An R Package for Turning Tweet JSON Files into a Tidyverse-ready Dataframe

Author: Jae Yeon Kim

File an issue if you have problems, questions or suggestions.

Summary

Twitter data is an important resource for social science research. (As of July 1, 2020, if you queried “Twitter” in Google Scholar, it returned more than seven million search results.) However, parsing a great deal of Twitter JSON data is not an easy task for researchers with little programming experience. This package provides functions to clean and wrangle Tweet JSON files simply and quickly.
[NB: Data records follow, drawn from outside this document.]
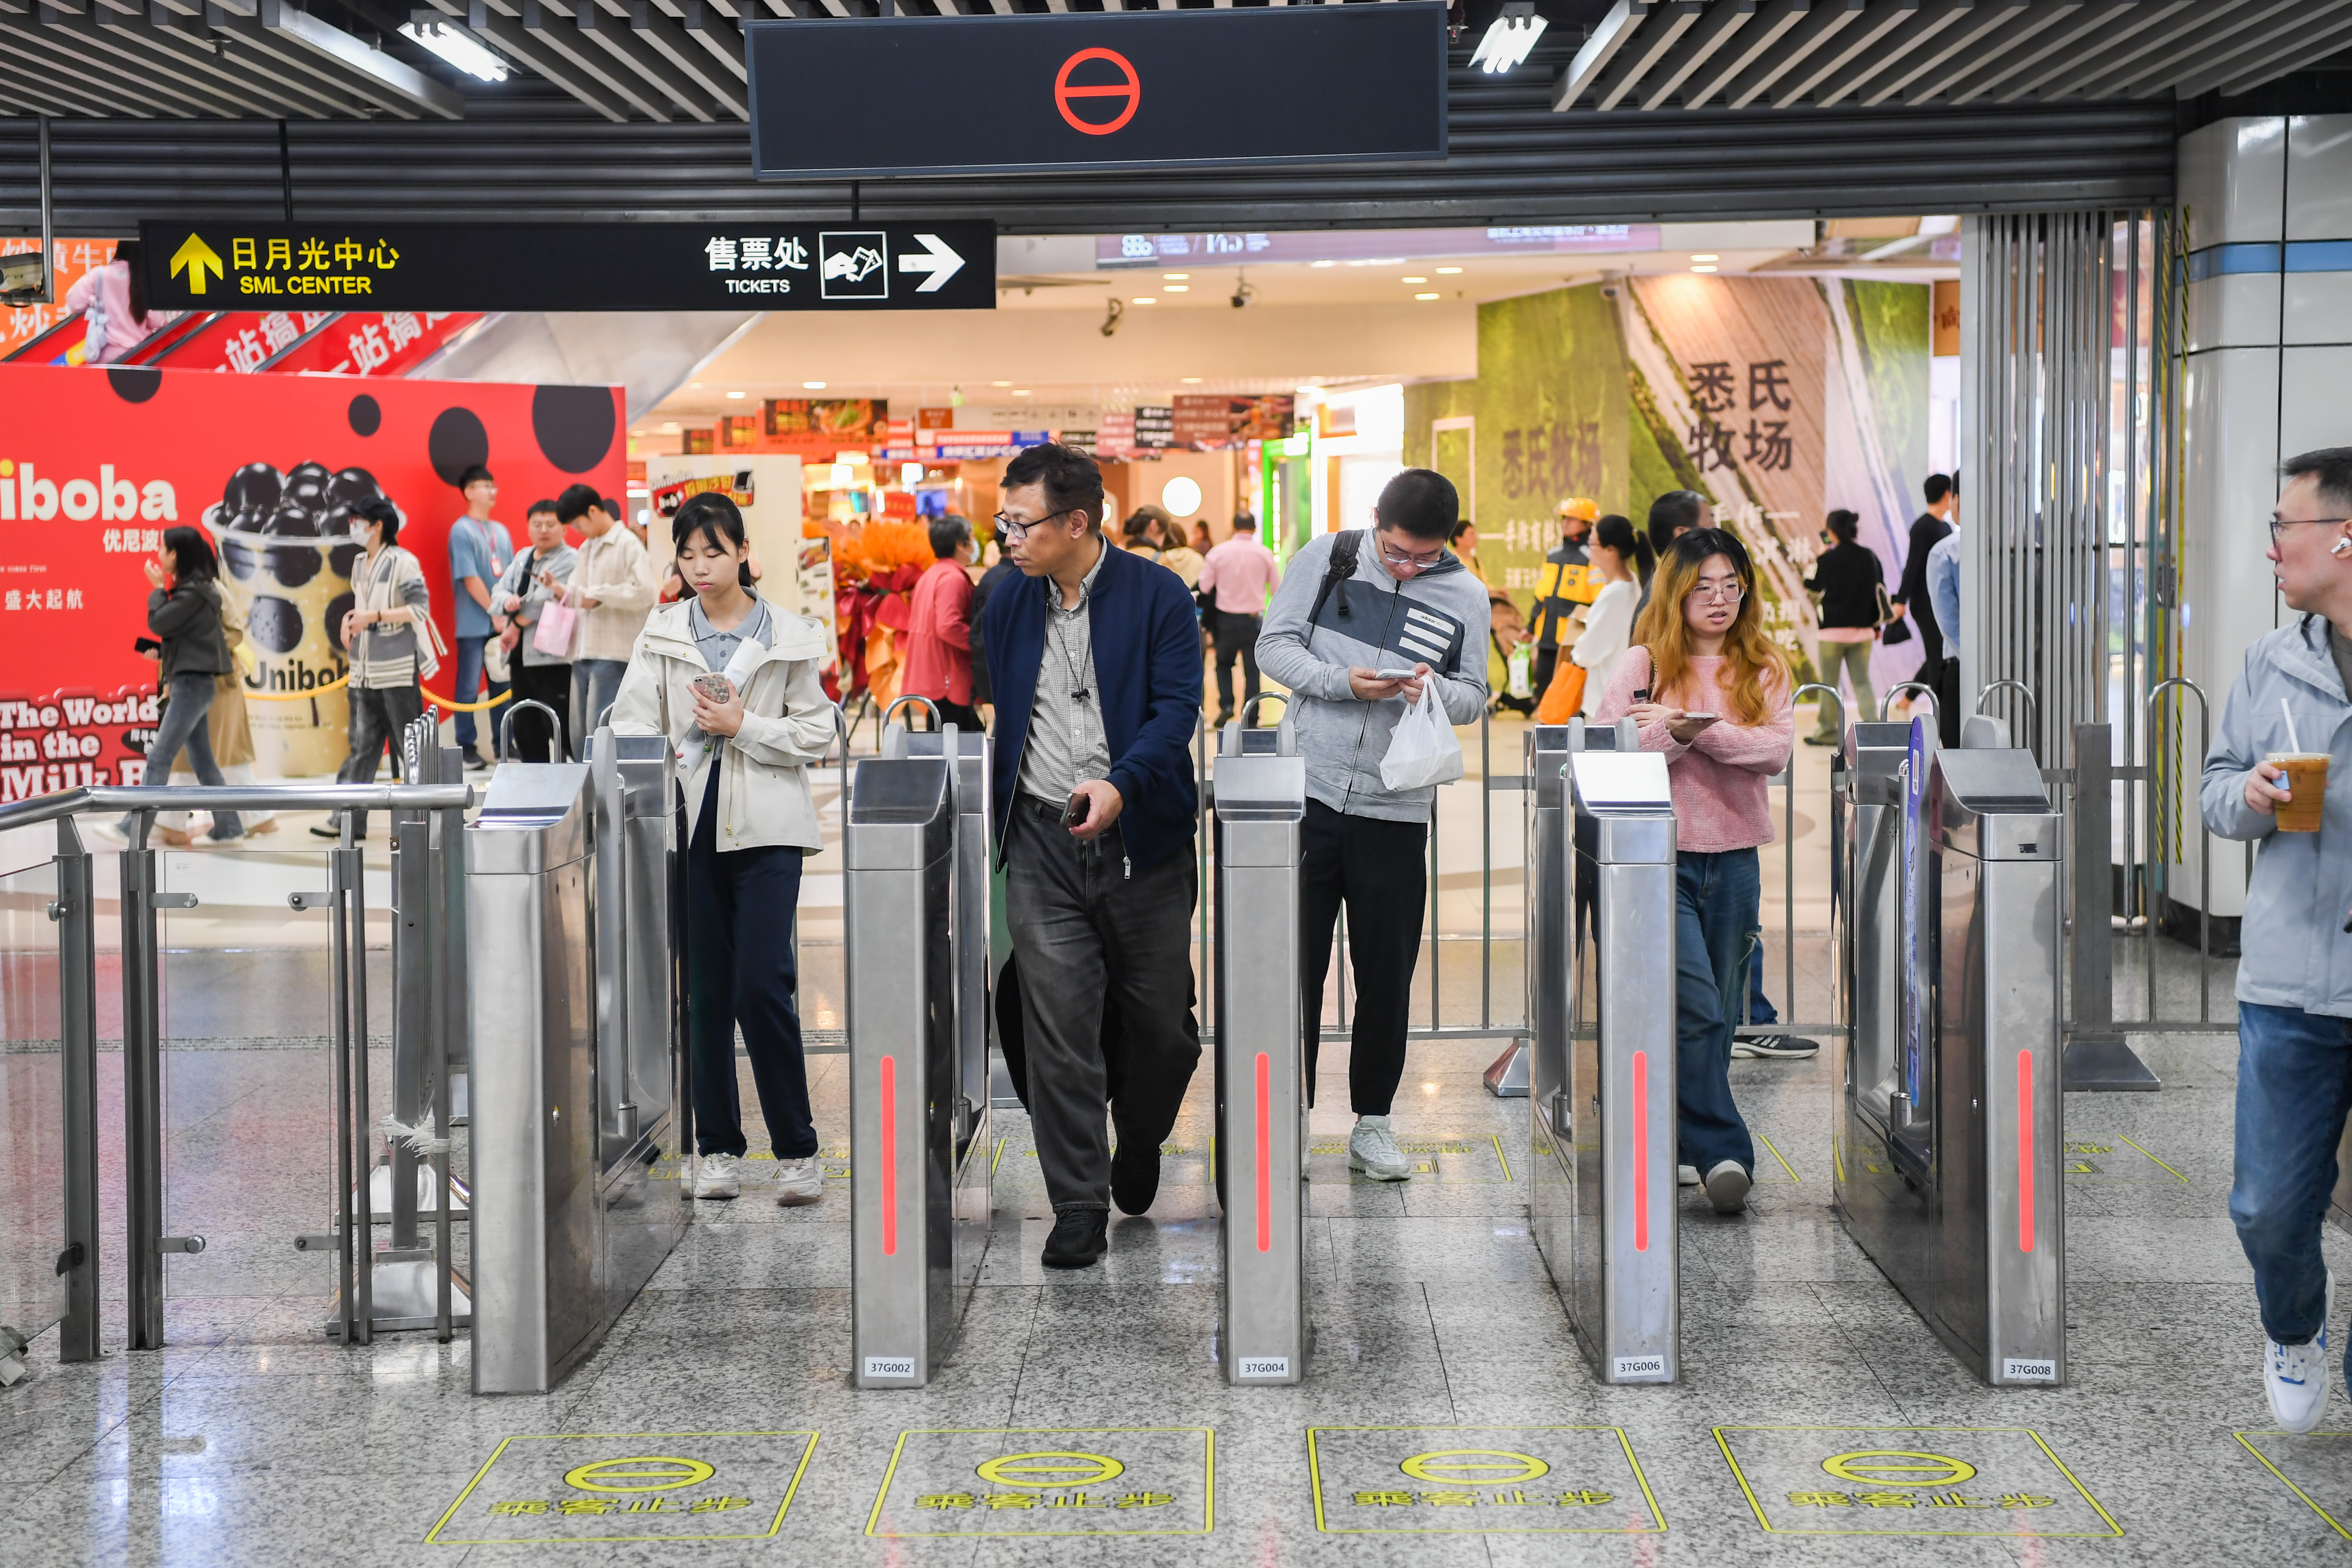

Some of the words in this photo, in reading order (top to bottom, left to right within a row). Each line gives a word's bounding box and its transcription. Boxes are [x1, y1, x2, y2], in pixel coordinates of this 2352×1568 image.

[233, 237, 400, 270] 日月光中心
[705, 236, 809, 271] 售票处
[240, 276, 283, 295] SML
[287, 275, 372, 295] CENTER
[725, 279, 791, 293] TICKETS
[1689, 360, 1791, 413] 悉氏
[1689, 419, 1793, 472] 牧场
[103, 529, 164, 552] 优尼波
[5, 588, 83, 610] 盛大起航
[0, 701, 59, 729] The
[62, 696, 157, 726] World
[1, 733, 37, 761] in
[43, 730, 100, 759] the
[1, 762, 109, 802] Milk
[871, 1362, 910, 1373] 37G002
[1245, 1362, 1285, 1373] 37G004
[1620, 1360, 1660, 1372] 37G006
[2010, 1364, 2051, 1375] 37G008
[487, 1496, 754, 1517] 乘客止步
[914, 1491, 1177, 1511] 乘客止步
[1352, 1489, 1615, 1508] 乘客止步
[1788, 1491, 2058, 1509] 乘客止步
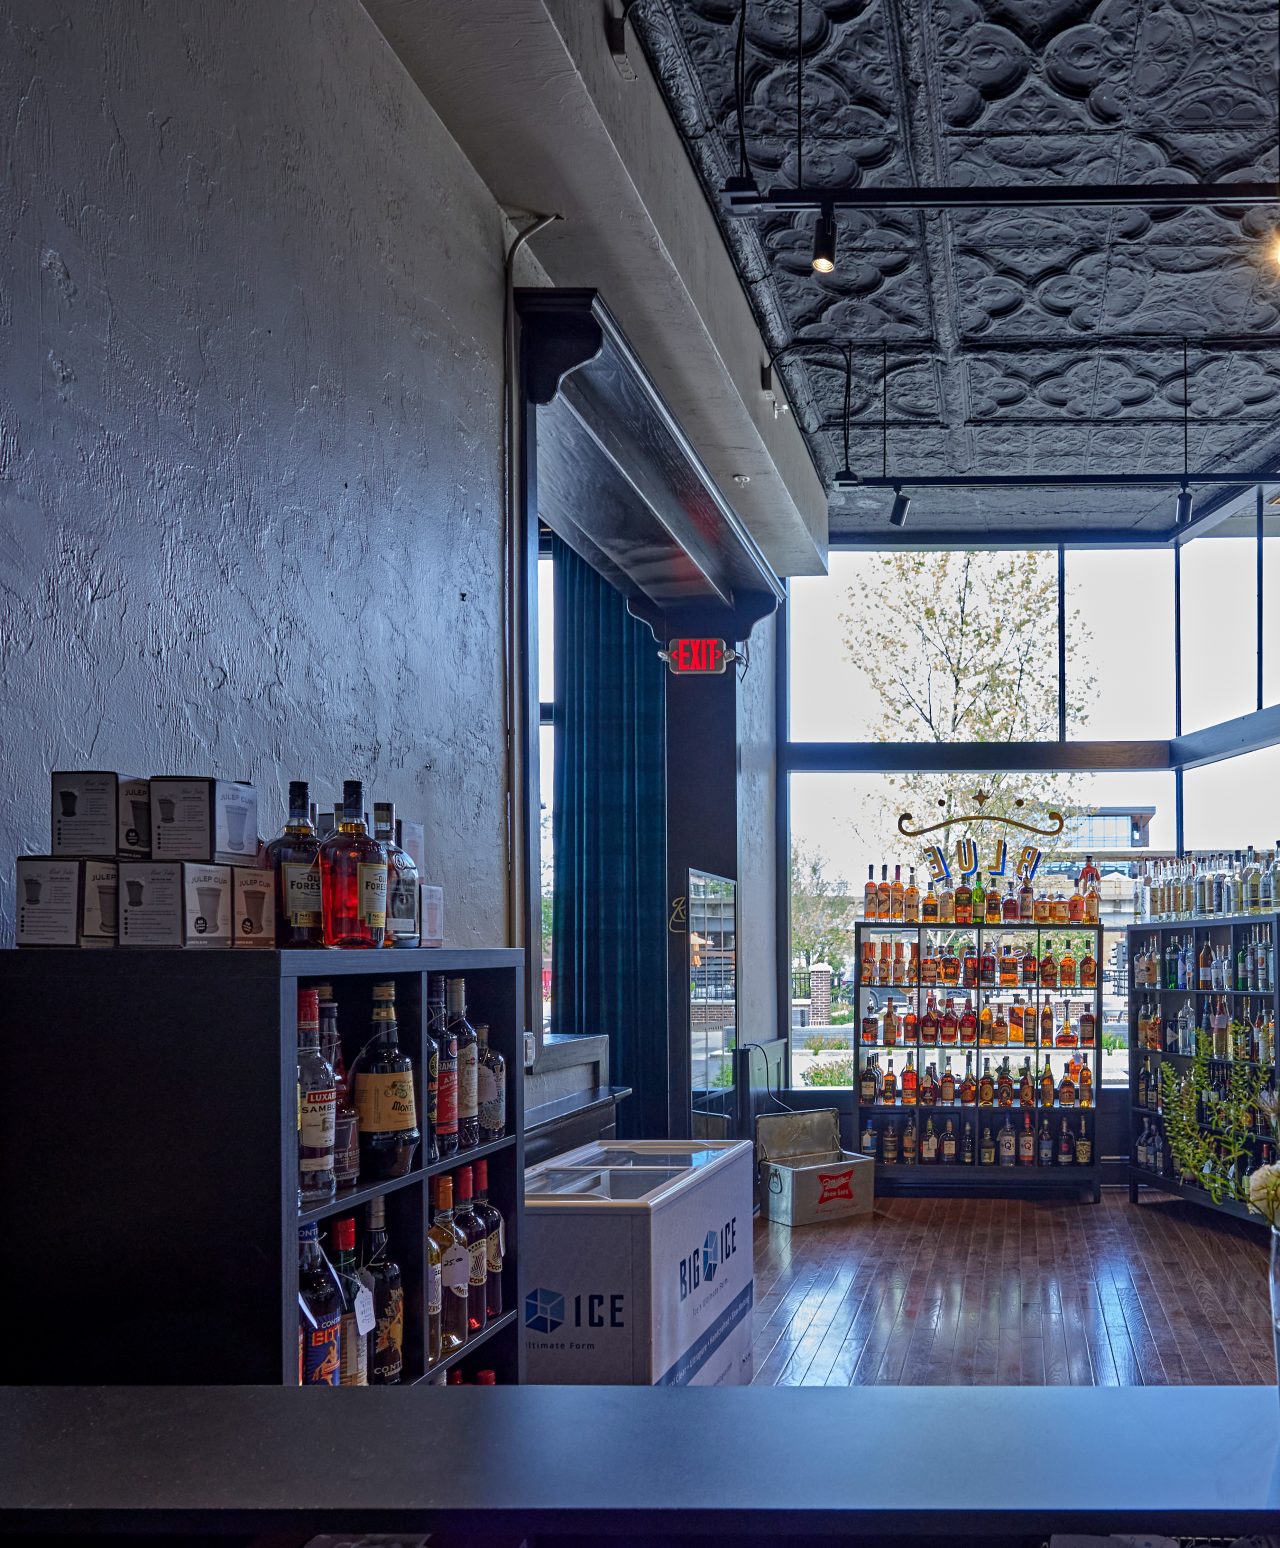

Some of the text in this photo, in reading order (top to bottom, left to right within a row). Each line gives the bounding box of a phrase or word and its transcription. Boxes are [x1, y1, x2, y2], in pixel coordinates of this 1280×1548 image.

[679, 639, 718, 671] EXIT
[191, 875, 213, 884] JULEP
[239, 879, 258, 887] JULEP
[679, 1216, 737, 1302] BIG ICE
[575, 1294, 625, 1328] ICE
[526, 1341, 596, 1350] ltimate Form
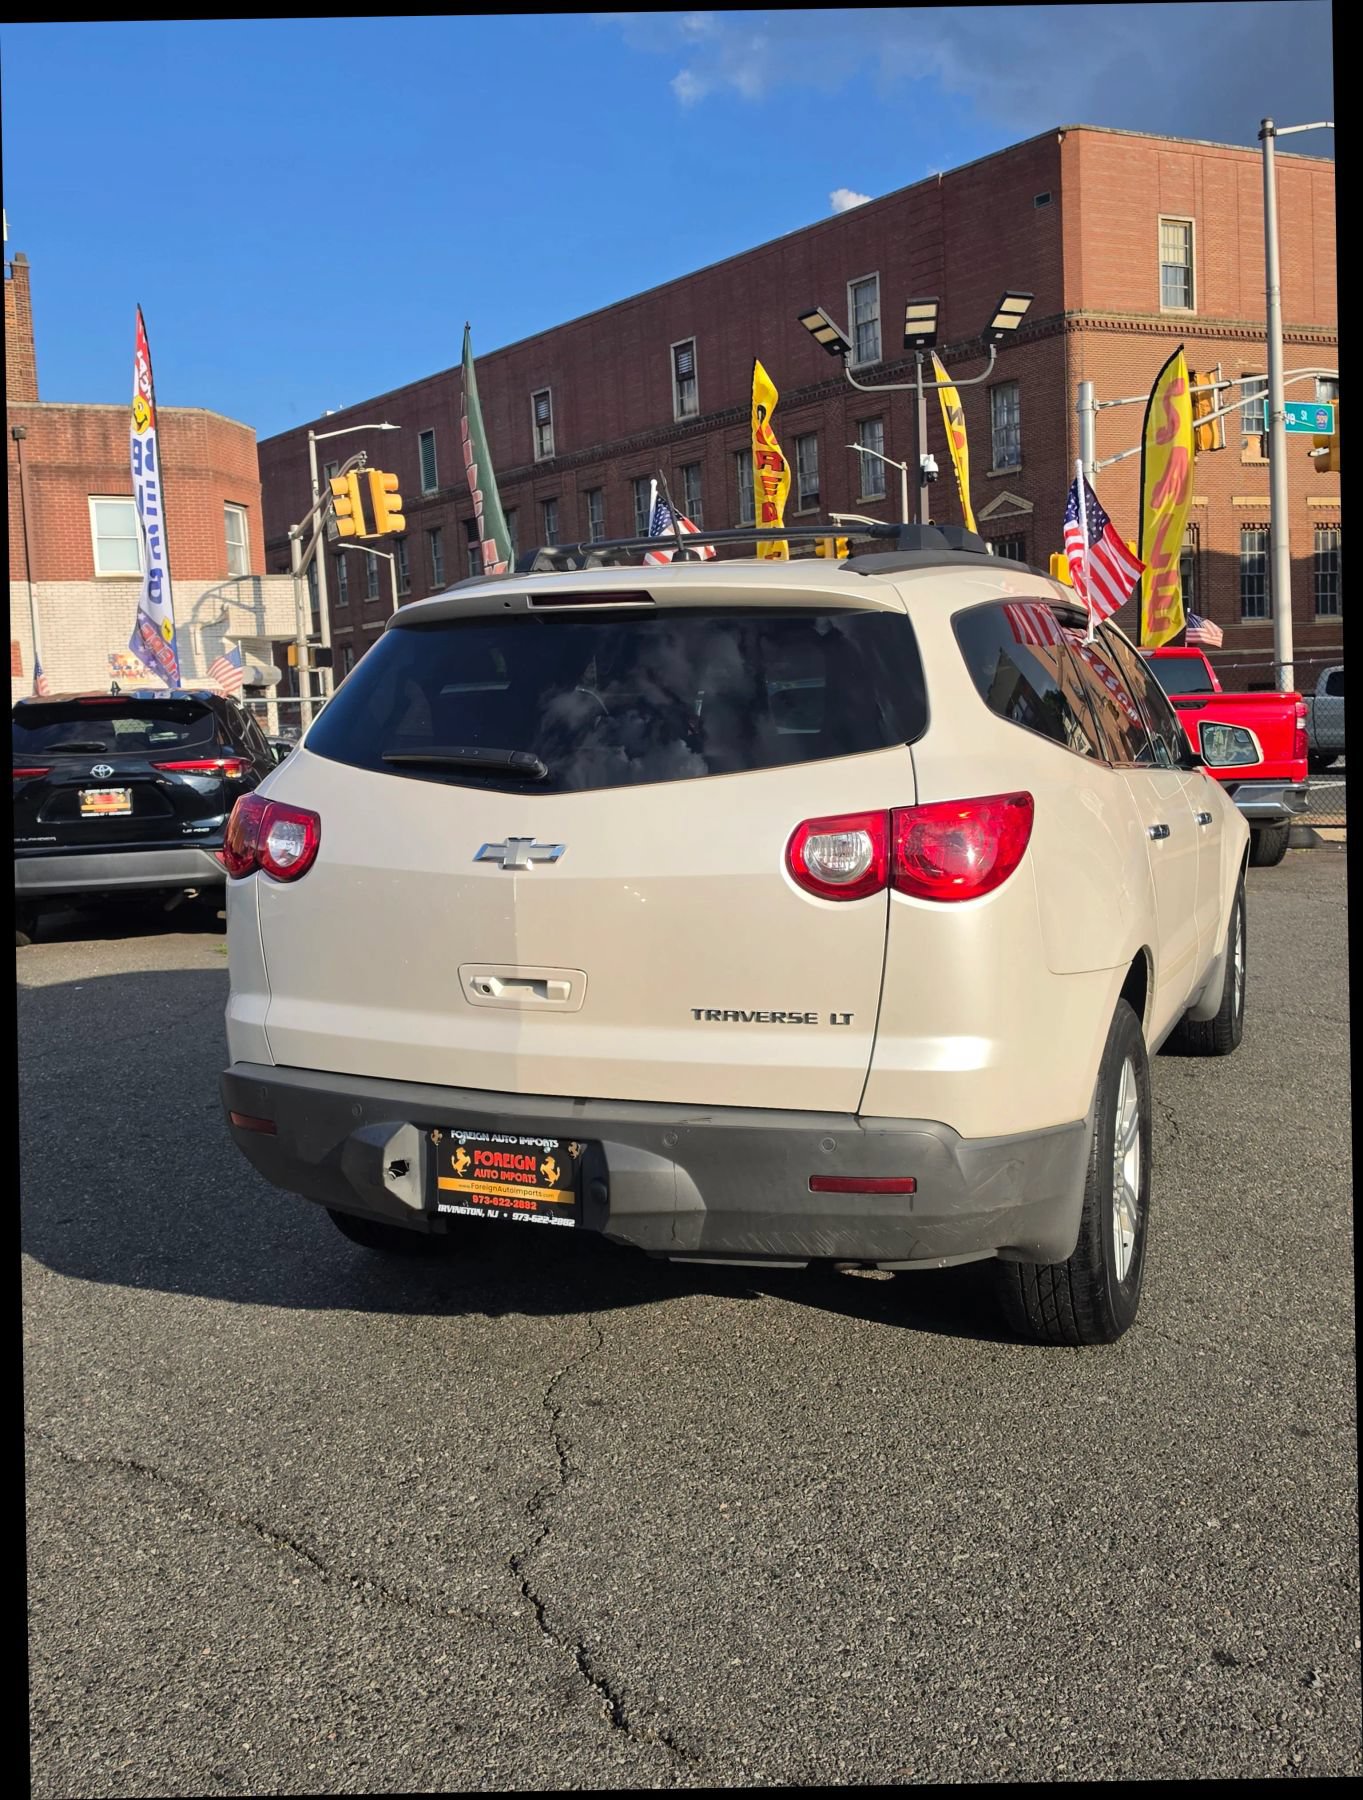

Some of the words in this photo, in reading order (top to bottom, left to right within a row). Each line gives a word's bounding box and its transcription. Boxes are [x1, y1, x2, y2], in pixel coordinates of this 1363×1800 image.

[691, 1008, 819, 1025] TRAVERSE
[829, 1012, 854, 1026] LT
[450, 1129, 490, 1143] FOREIGN
[490, 1133, 518, 1145] AUTO
[519, 1136, 559, 1149] IMPORTS
[473, 1149, 537, 1172] FOREIGN
[473, 1168, 499, 1180] AUTO
[500, 1170, 537, 1184] IMPORTS
[472, 1194, 538, 1211] 973-622-2882
[437, 1203, 486, 1218] IRVINGTON,
[487, 1209, 500, 1219] NJ
[511, 1211, 576, 1228] 973-622-2882
1. Tidying a Tweet JSON file

Most social science researchers have only worked with clearly structured data (e.g., spreadsheets). If one downloads tweets from the Twitter API, these tweets were stored in a semi-structured file format called JSON (JaveScript Object Notation). In simple terms, it has some structure but does not resemble a spreadsheet. With tidytweetjson, one does not need to understand a JSON file structure. The package helps you to get a tidy data from a Tweet JSON file simply and quickly.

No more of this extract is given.